→ What to work on: All of the entries, apart from their pictures, are to be copied verbatim.

→ Data under study:
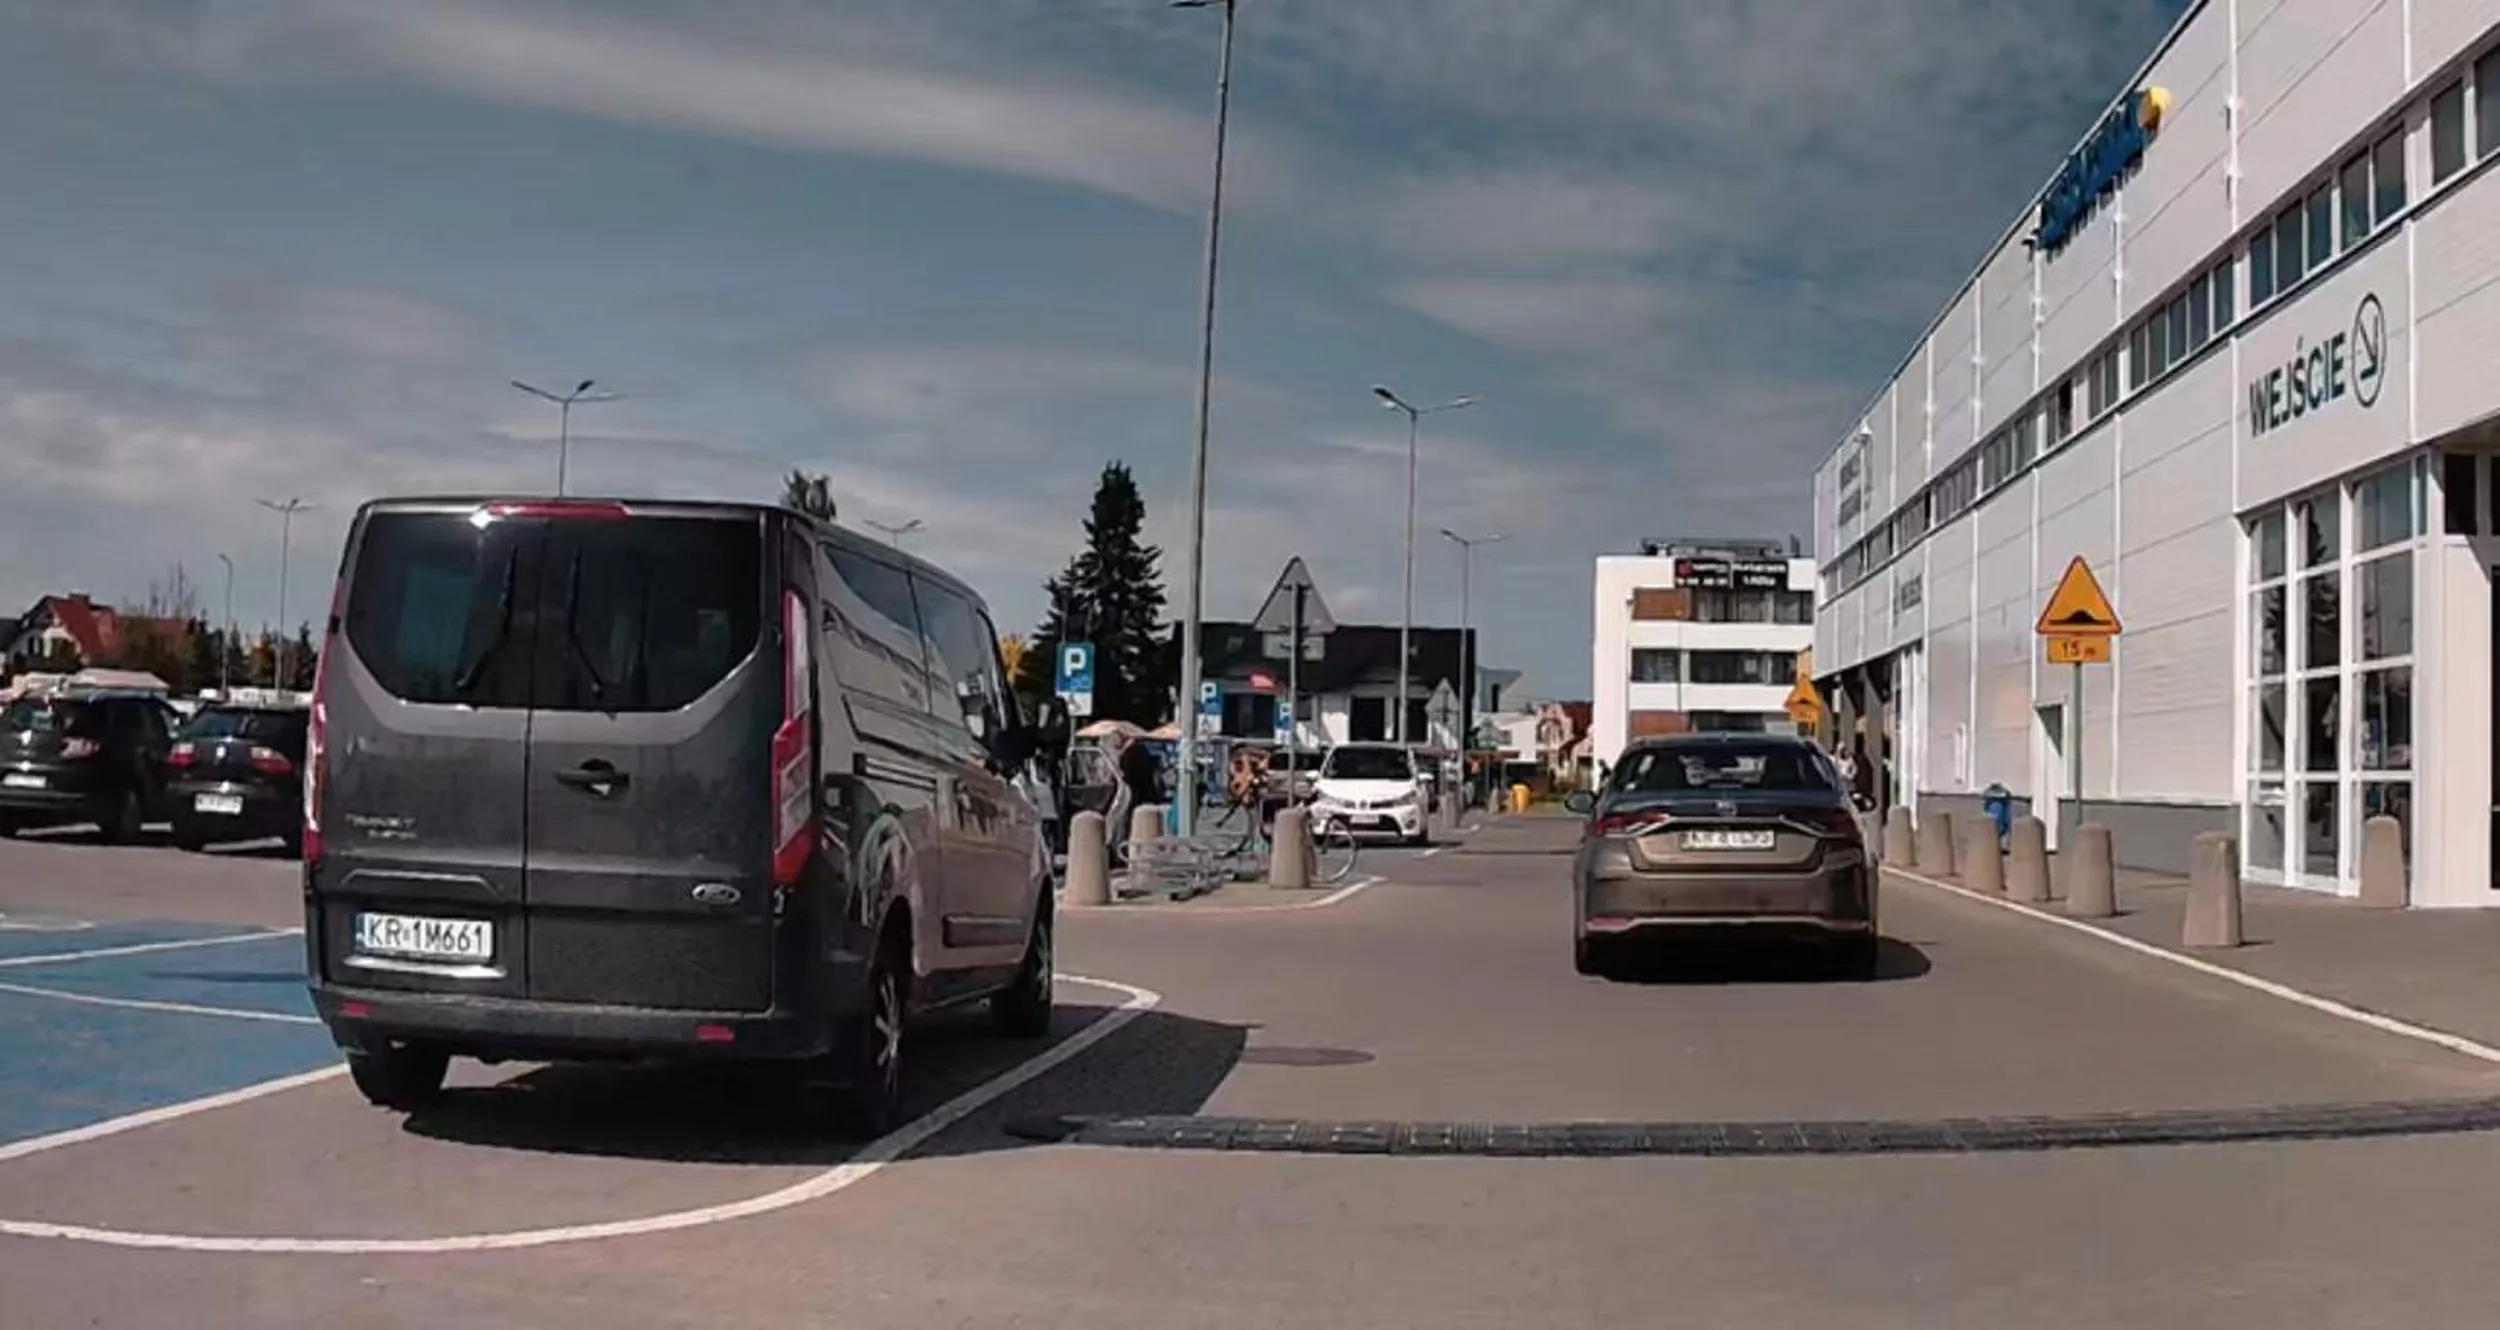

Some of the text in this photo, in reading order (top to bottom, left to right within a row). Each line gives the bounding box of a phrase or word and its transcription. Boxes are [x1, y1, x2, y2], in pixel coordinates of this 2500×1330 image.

[2250, 332, 2346, 438] WEJŚCIE
[1065, 647, 1087, 677] P
[2062, 640, 2079, 657] 15
[1202, 682, 1217, 704] P
[367, 917, 482, 952] KR 1M661
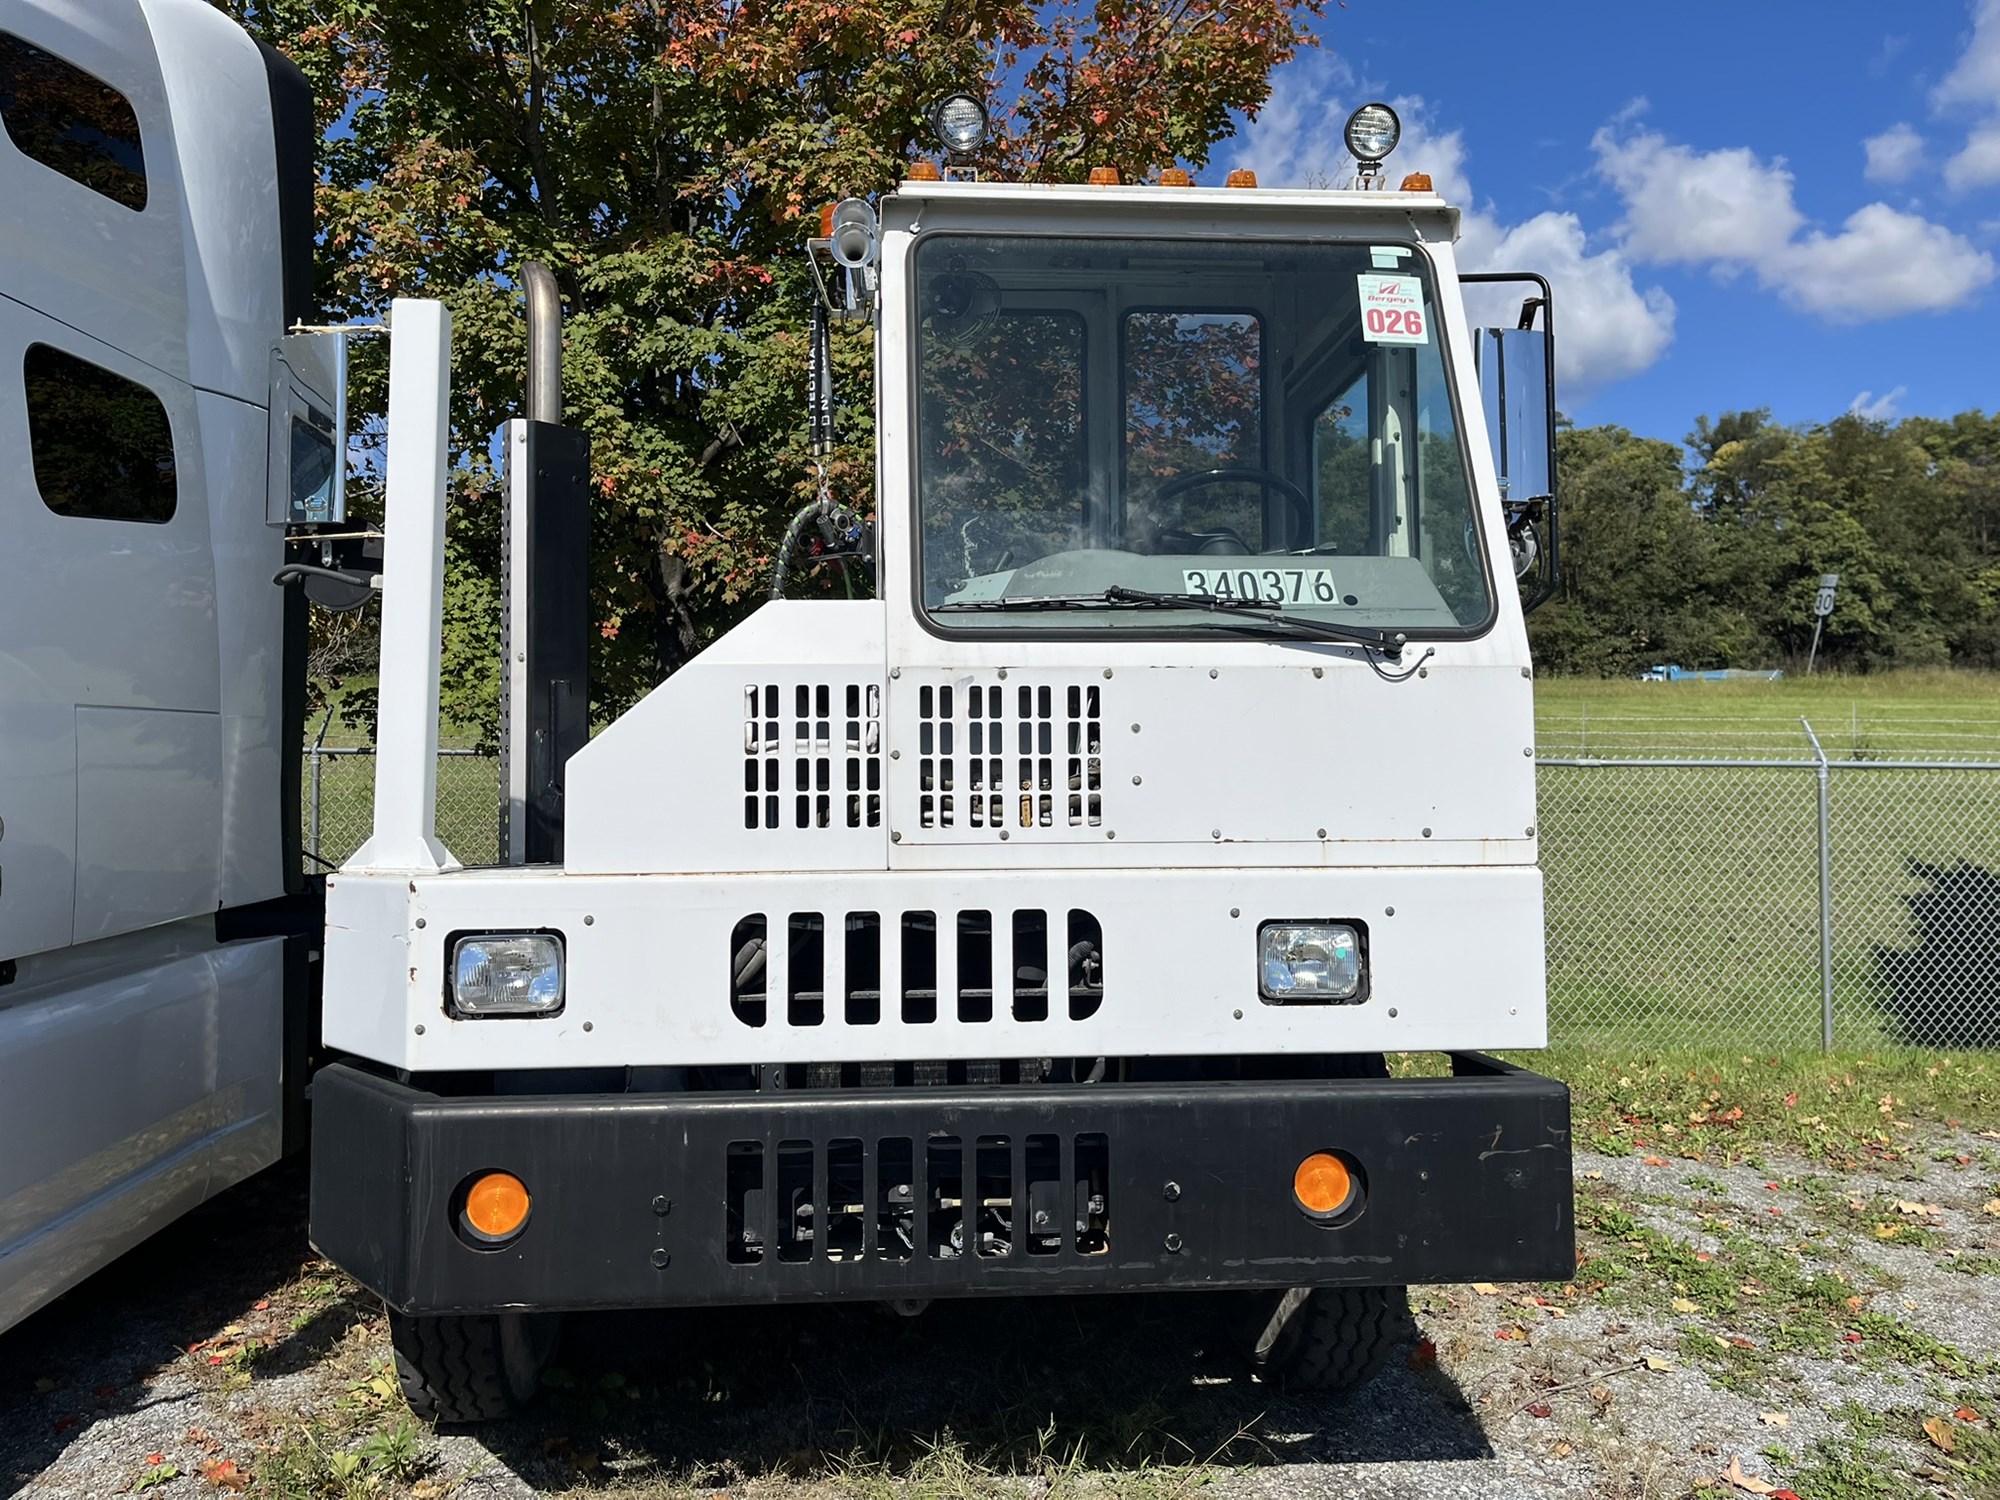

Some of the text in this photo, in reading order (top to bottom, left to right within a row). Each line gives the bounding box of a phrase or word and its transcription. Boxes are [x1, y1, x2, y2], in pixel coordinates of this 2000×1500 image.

[1367, 295, 1415, 304] Bergey's
[1367, 309, 1422, 335] 026
[808, 341, 816, 411] TECTRA
[1187, 571, 1334, 602] 340376

→ Output below:
Some of the text in this photo, in reading order (top to bottom, left to right within a row). Each line gives the bounding box of a phrase or word and its transcription. Boxes are [x1, y1, x2, y2], in pixel coordinates of this 2500×1330 image.

[2250, 332, 2346, 438] WEJŚCIE
[1065, 647, 1087, 677] P
[2062, 640, 2079, 657] 15
[1202, 682, 1217, 704] P
[367, 917, 482, 952] KR 1M661

Some of the text in this photo, in reading order (top to bottom, left to right within a row). Each line gives the bounding box of a phrase or word and its transcription. Boxes are [x1, y1, x2, y2], in pixel coordinates of this 2000×1500 image.

[1367, 295, 1415, 304] Bergey's
[1367, 309, 1422, 335] 026
[808, 341, 816, 411] TECTRA
[1187, 571, 1334, 602] 340376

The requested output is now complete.